I don't find it surprising at all.

The whole idea of breaks during the work day came from early-day capitalists (check out Factory Act and how it came to be. And for those who don't want to/can't - it wasn't from the goodness of their hearts, they noticed that their workers were making too many costly mistakes, like getting themselves rolled into heavy machinery and dying, so they asked doctors to "figure this shit out". The Factory Act is the earliest iteration of what eventually became OSHA), some of whom showed at least a semblance of honour, and following the actual tenets of capitalism (giving back to the community).

It became the "everybody knows this" kind of thing.

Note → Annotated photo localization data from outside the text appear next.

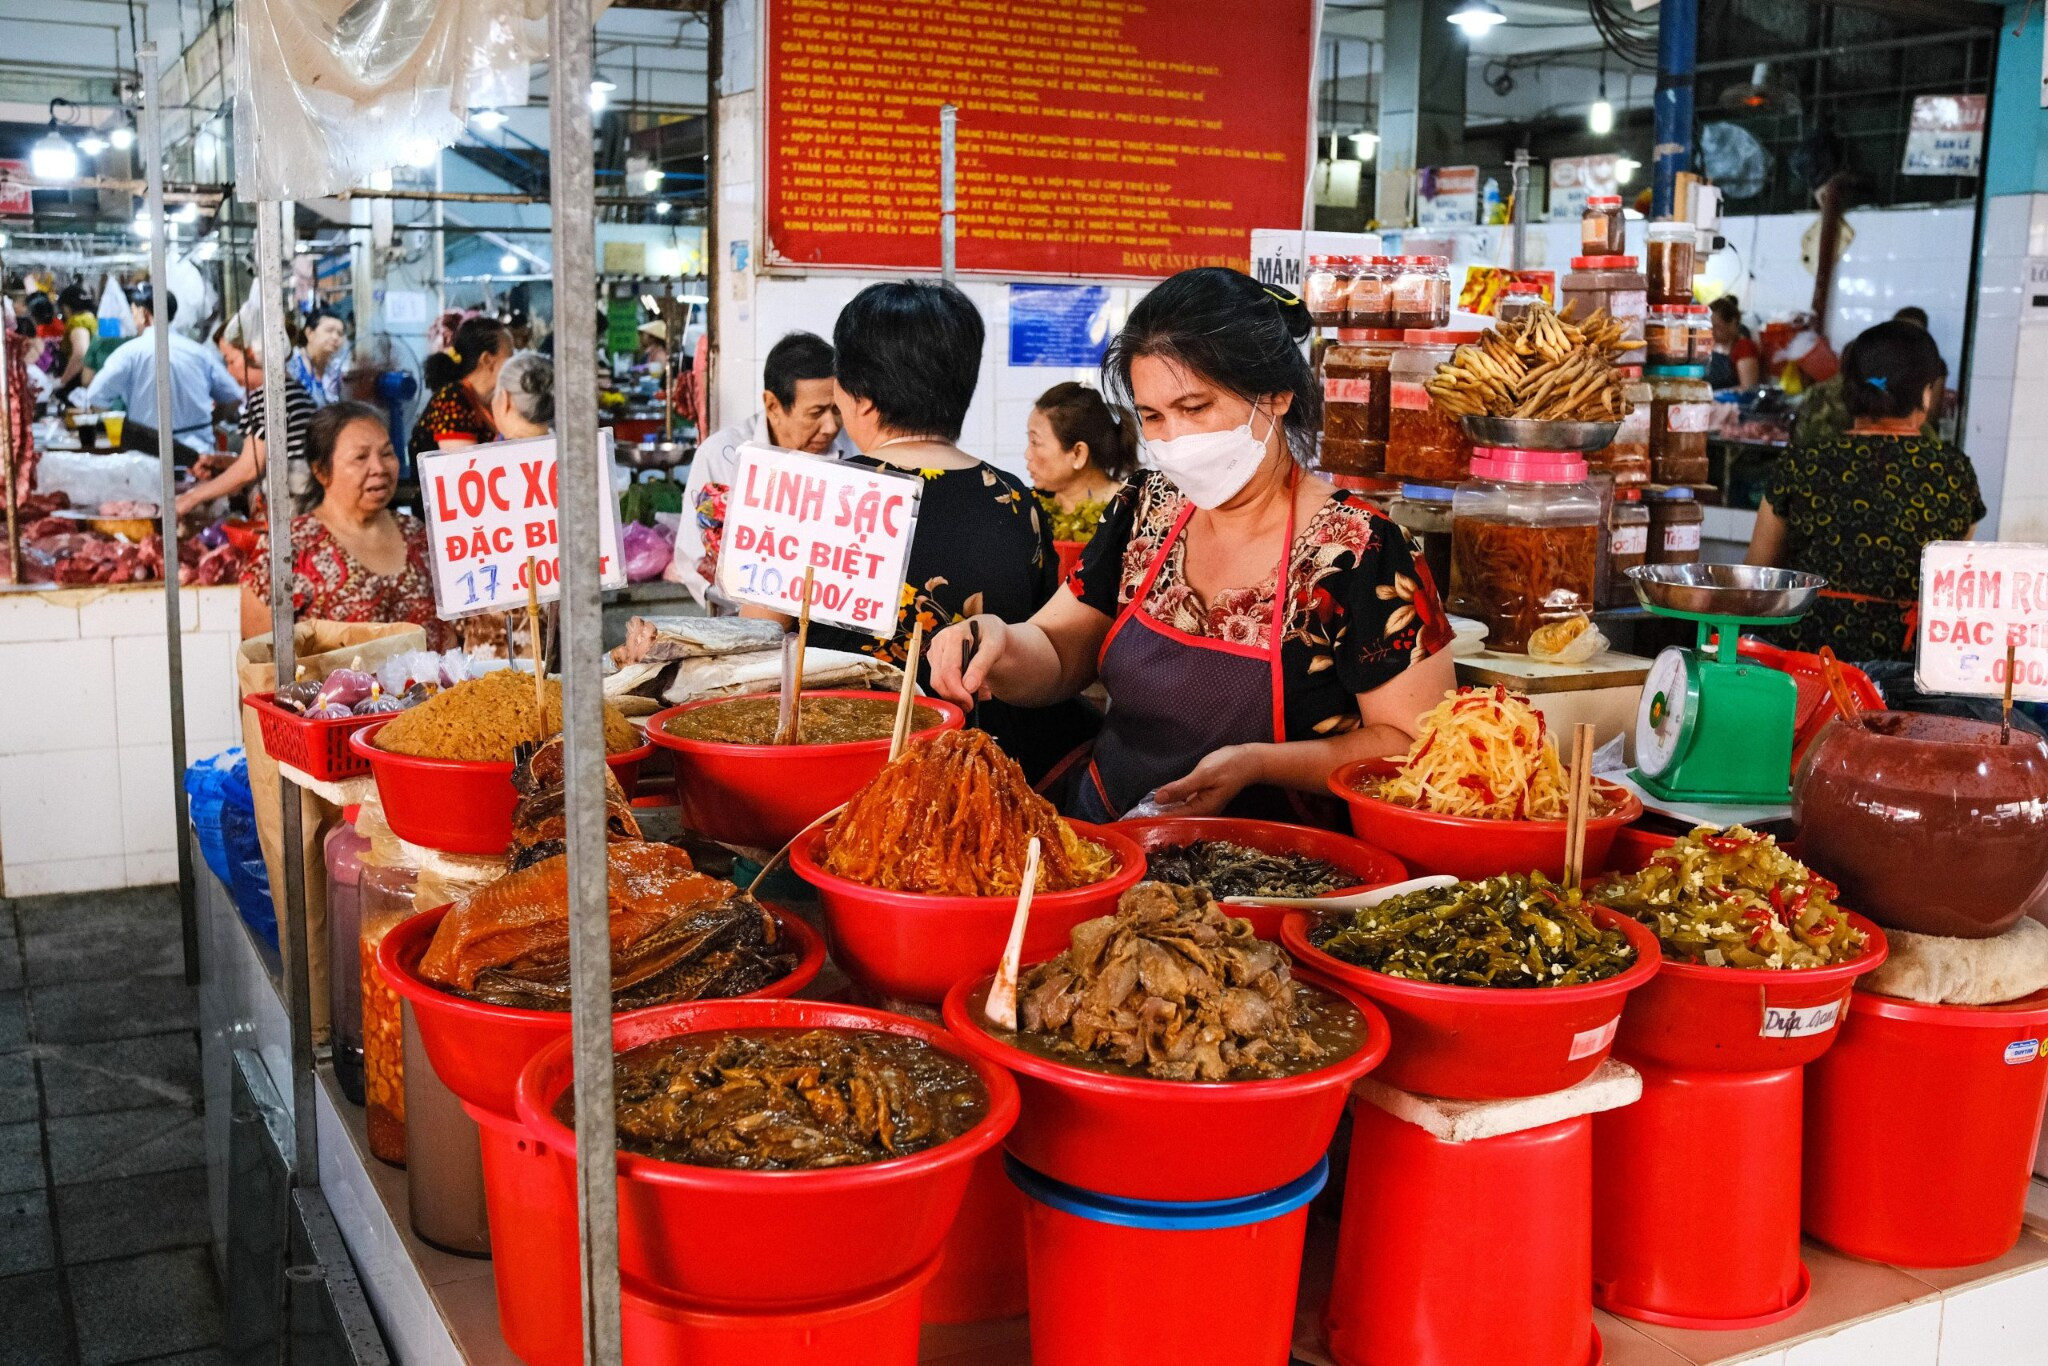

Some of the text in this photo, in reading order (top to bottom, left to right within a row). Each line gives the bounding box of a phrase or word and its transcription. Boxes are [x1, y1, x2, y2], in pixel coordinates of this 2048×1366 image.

[1257, 246, 1299, 285] MẮM
[435, 459, 510, 522] LÓC
[744, 464, 904, 543] LINH SẶC
[446, 519, 559, 563] ĐẶC BI
[735, 525, 885, 580] ĐẶC BIỆT
[1932, 554, 2001, 612] MẮM
[1928, 615, 1994, 651] ĐẶC
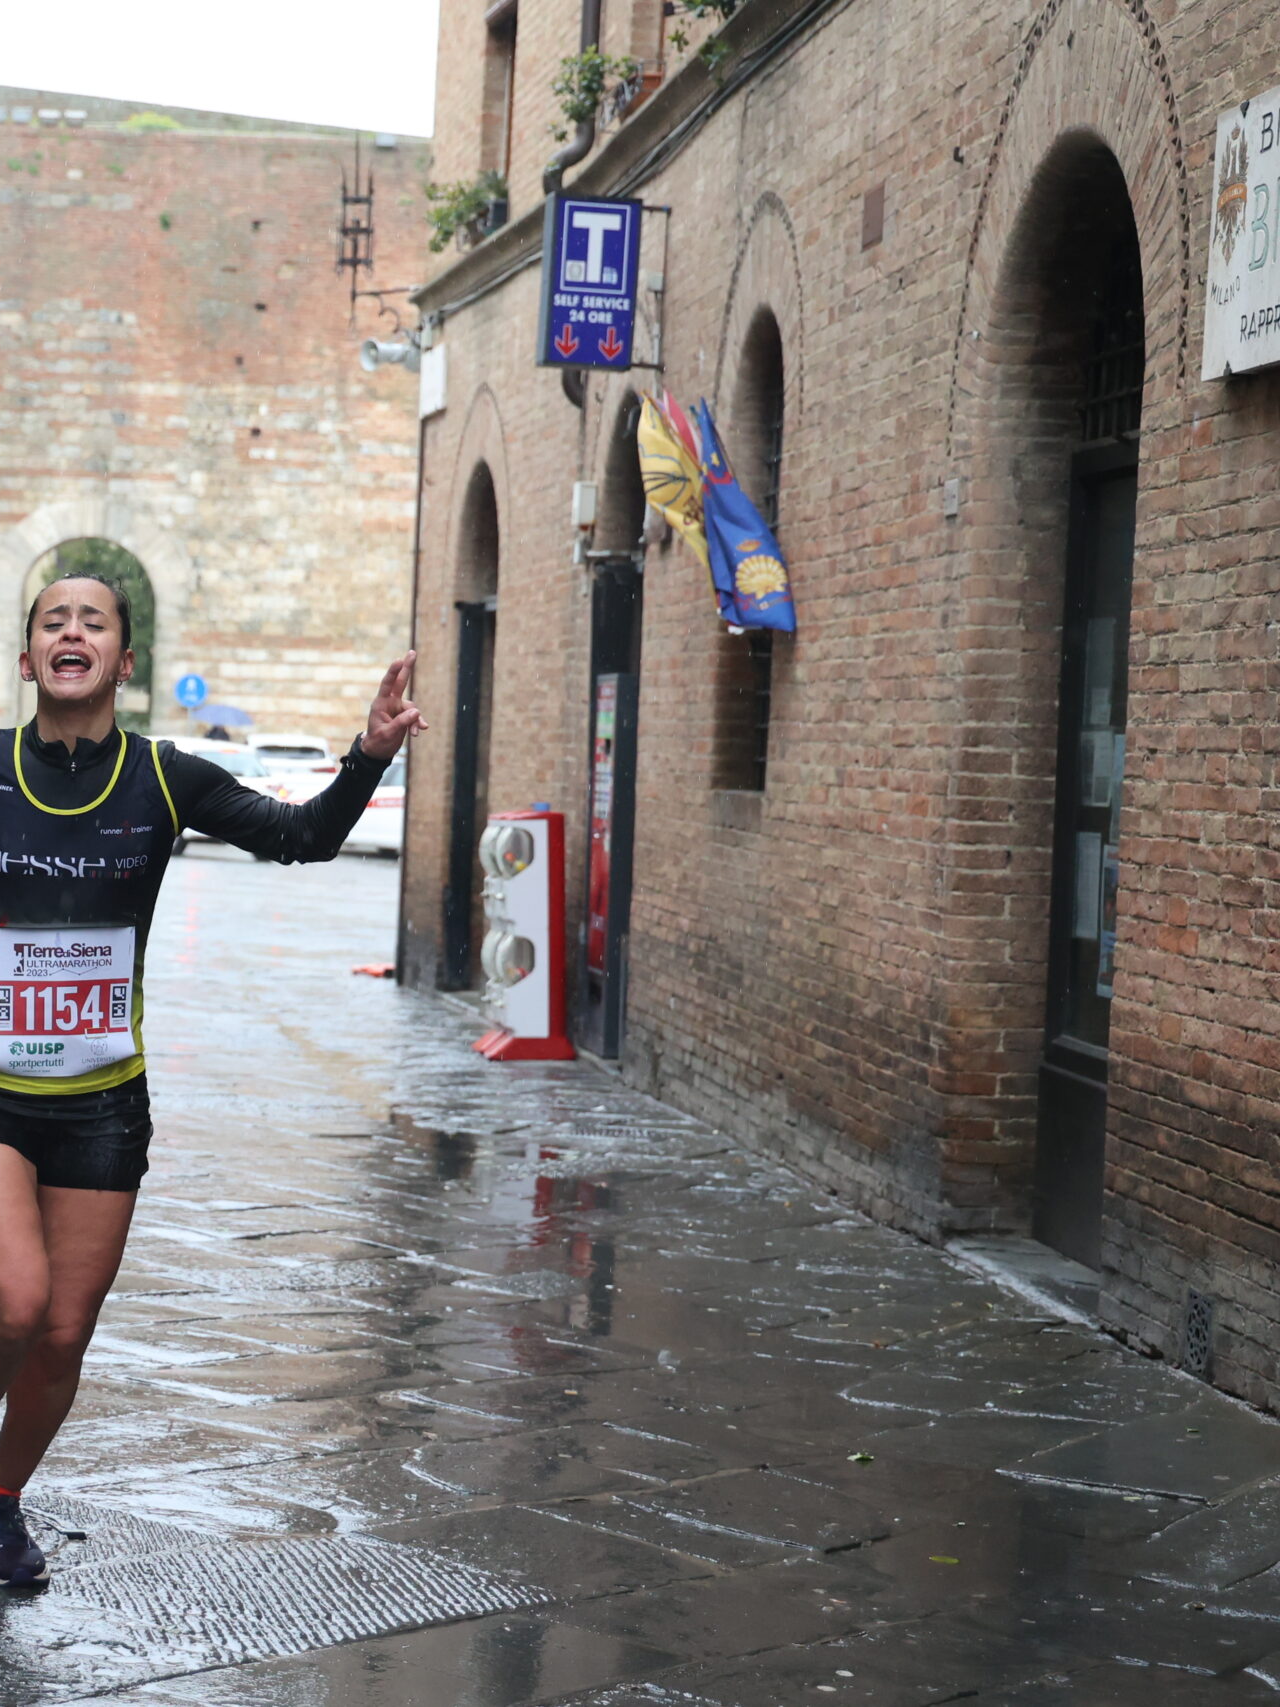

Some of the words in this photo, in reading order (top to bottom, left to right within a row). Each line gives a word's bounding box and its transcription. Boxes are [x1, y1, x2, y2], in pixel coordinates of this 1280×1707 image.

[573, 211, 621, 283] T
[1210, 274, 1241, 307] MILANO
[554, 294, 579, 306] SELF
[583, 296, 630, 311] SERVICE
[569, 309, 586, 323] 24
[588, 311, 613, 324] ORE
[100, 827, 124, 837] runner
[131, 825, 153, 835] trainer
[115, 854, 148, 869] VIDEO
[26, 958, 113, 969] ULTRAMARATHON
[26, 968, 49, 977] 2023
[20, 985, 103, 1031] 1154
[25, 1042, 65, 1056] UISP
[8, 1057, 65, 1069] sportpertutti
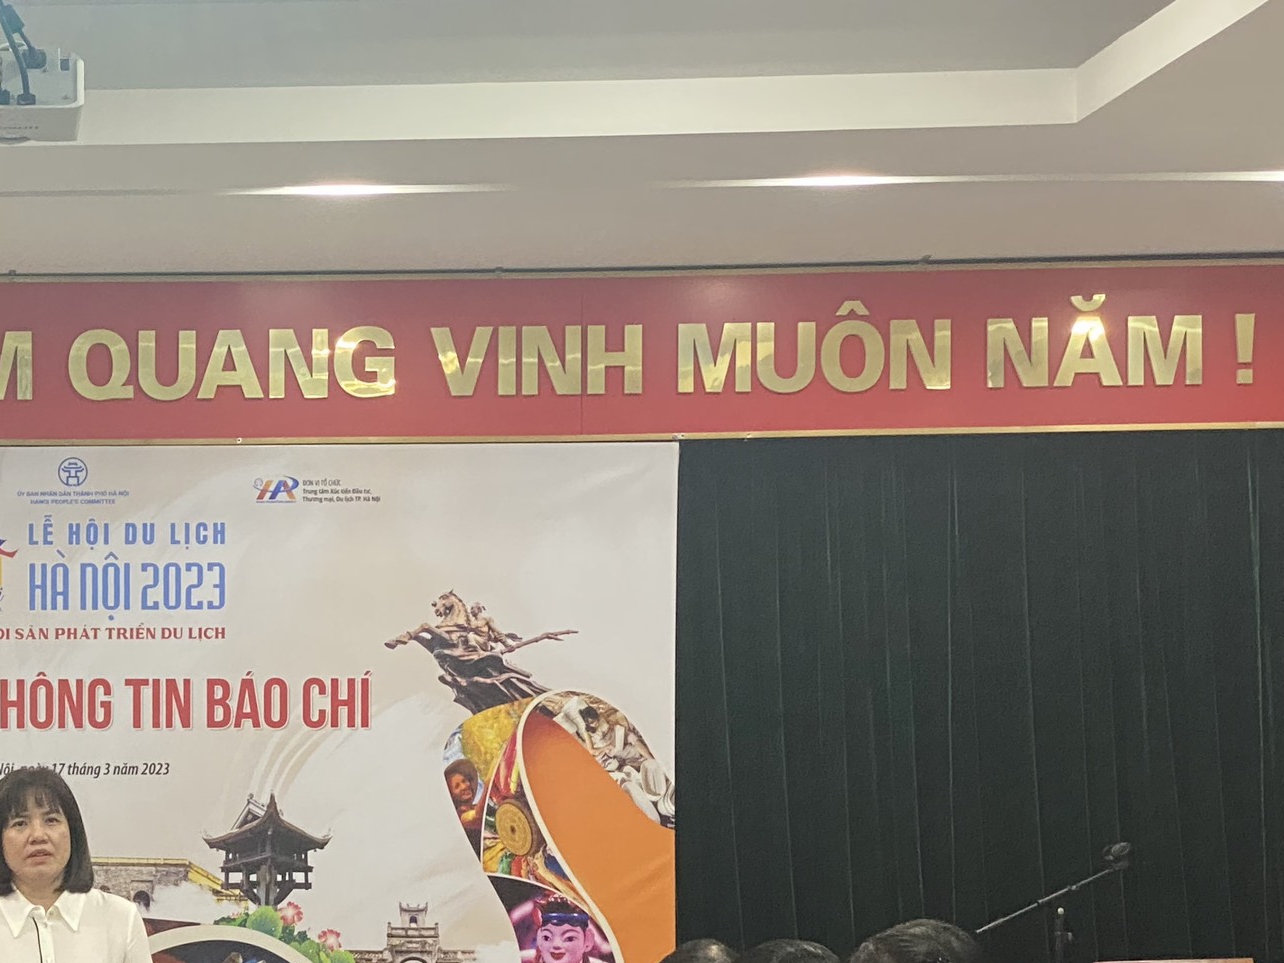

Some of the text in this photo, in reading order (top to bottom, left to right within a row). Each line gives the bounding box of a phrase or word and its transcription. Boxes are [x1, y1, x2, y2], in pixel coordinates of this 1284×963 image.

[68, 326, 397, 402] QUANG
[430, 324, 643, 397] VINH
[678, 300, 952, 394] MUÔN
[986, 293, 1203, 389] NĂM
[28, 514, 226, 550] LỄ HỘI DU LỊCH
[28, 549, 226, 621] HÀ NỘI 2023
[15, 624, 49, 640] SẢN
[55, 624, 100, 640] PHÁT
[105, 622, 157, 640] TRIỂN
[161, 627, 183, 640] DU
[188, 627, 226, 642] LỊCH
[124, 676, 192, 730] TIN
[206, 670, 290, 730] BÁO
[301, 669, 374, 730] CHÍ
[52, 763, 66, 776] 17
[67, 762, 100, 779] tháng
[103, 763, 110, 775] 3
[113, 762, 139, 775] năm
[141, 762, 170, 775] 2023
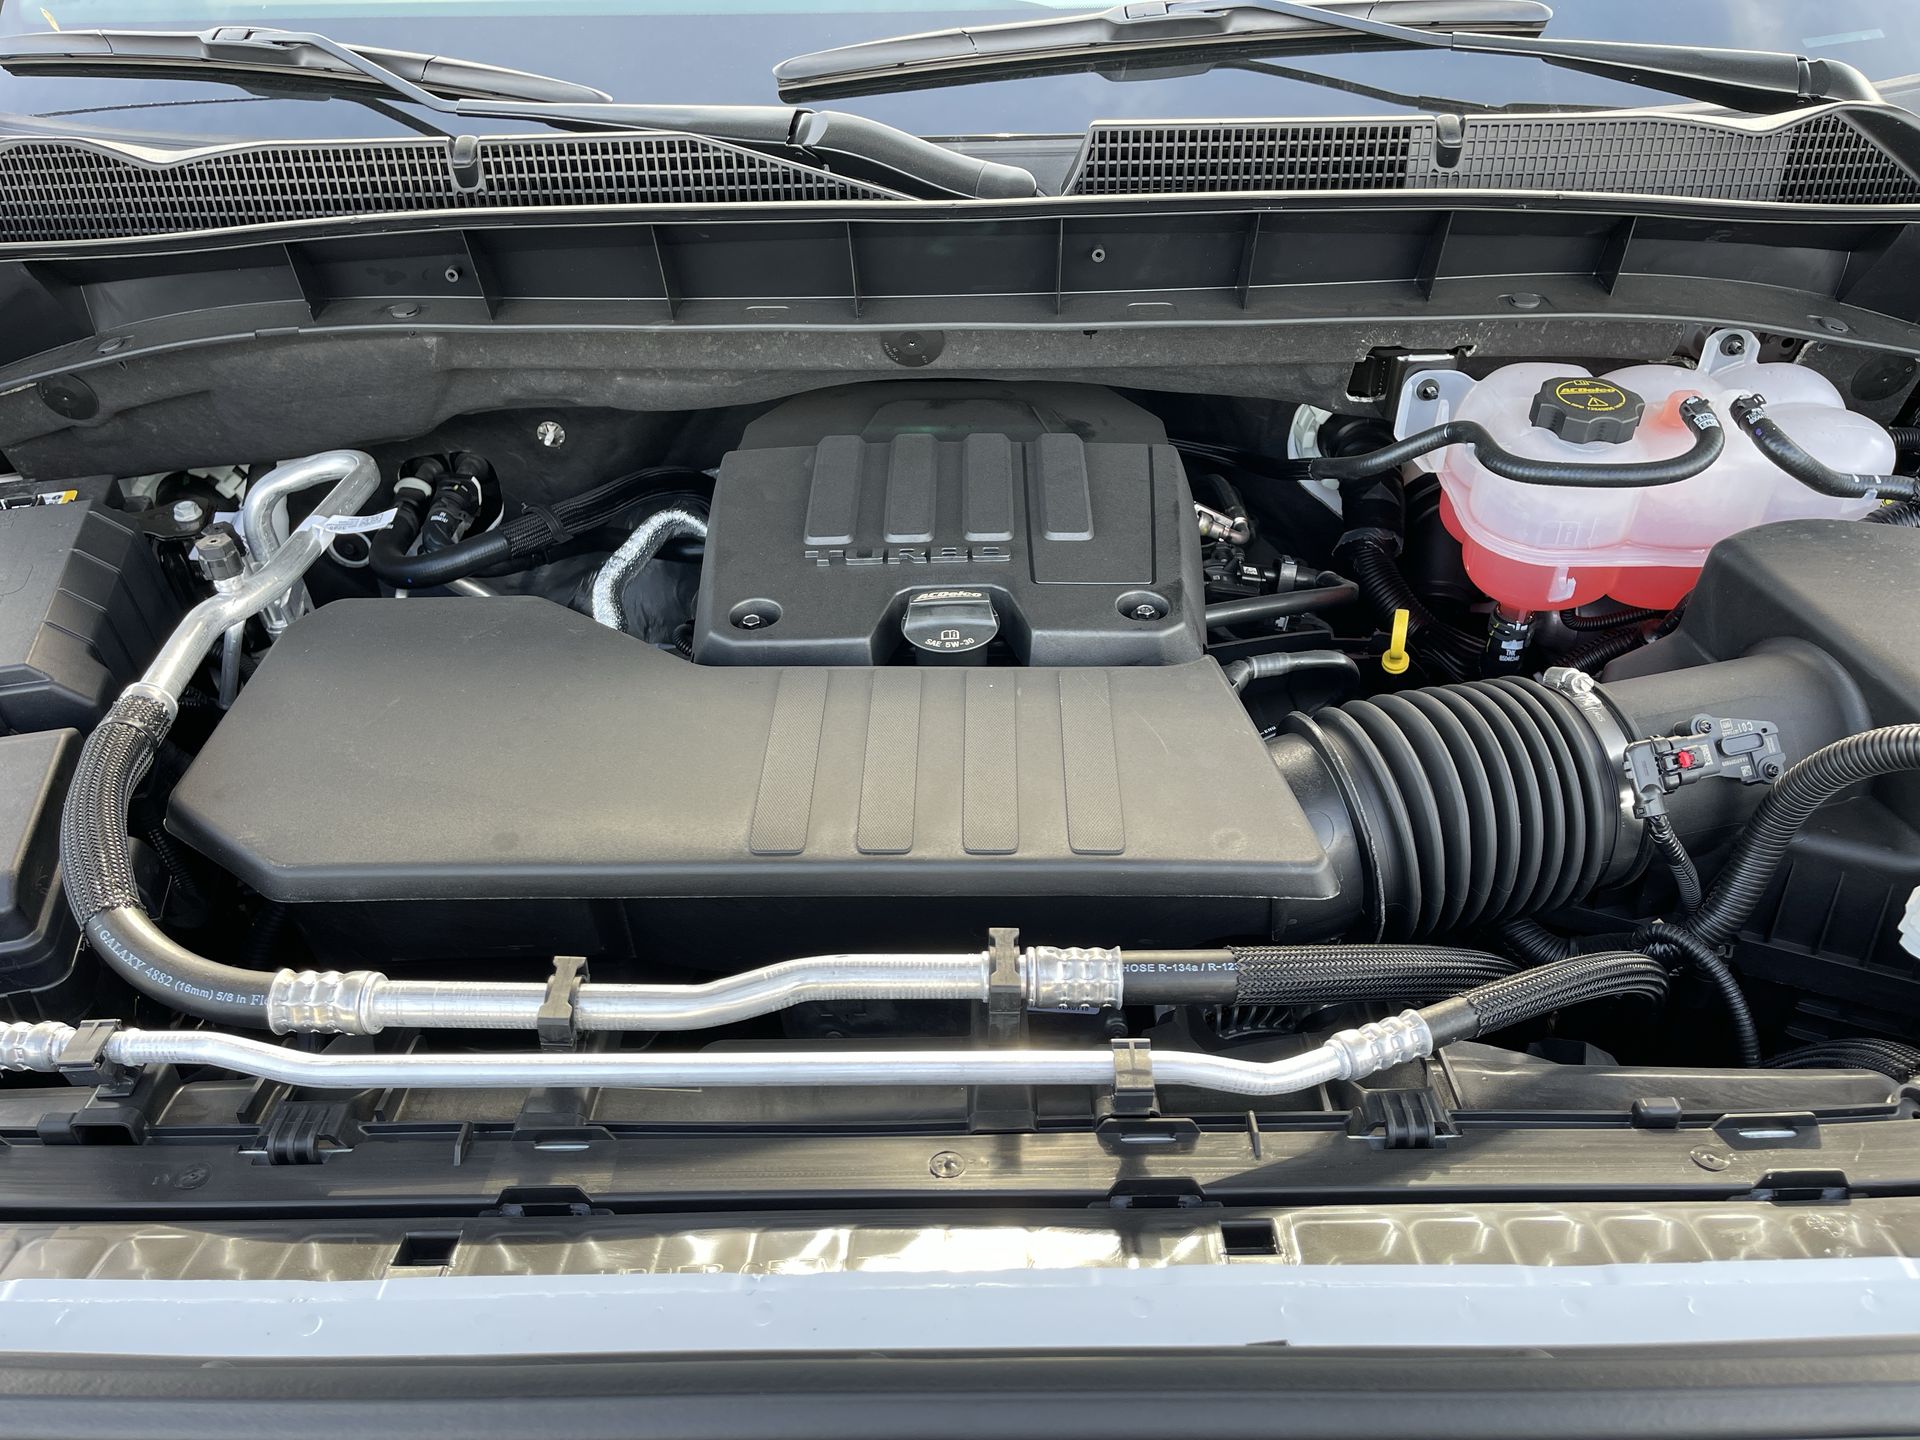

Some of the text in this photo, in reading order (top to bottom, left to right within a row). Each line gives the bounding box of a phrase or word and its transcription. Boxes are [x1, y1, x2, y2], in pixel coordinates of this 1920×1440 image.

Then times have changed. Today's capitalists are a bunch of babies with way too much power, who don't know how they came to be, or why the "gentleman rules" that were in place happened. All they see is that if someone takes a 30 minute break, they're not working for 30 minuts (making shareholders cry! :( ).

The federal government didn't need to mandate this, because "everybody did this anyway", and if one state was having issues, it mandated that on their own.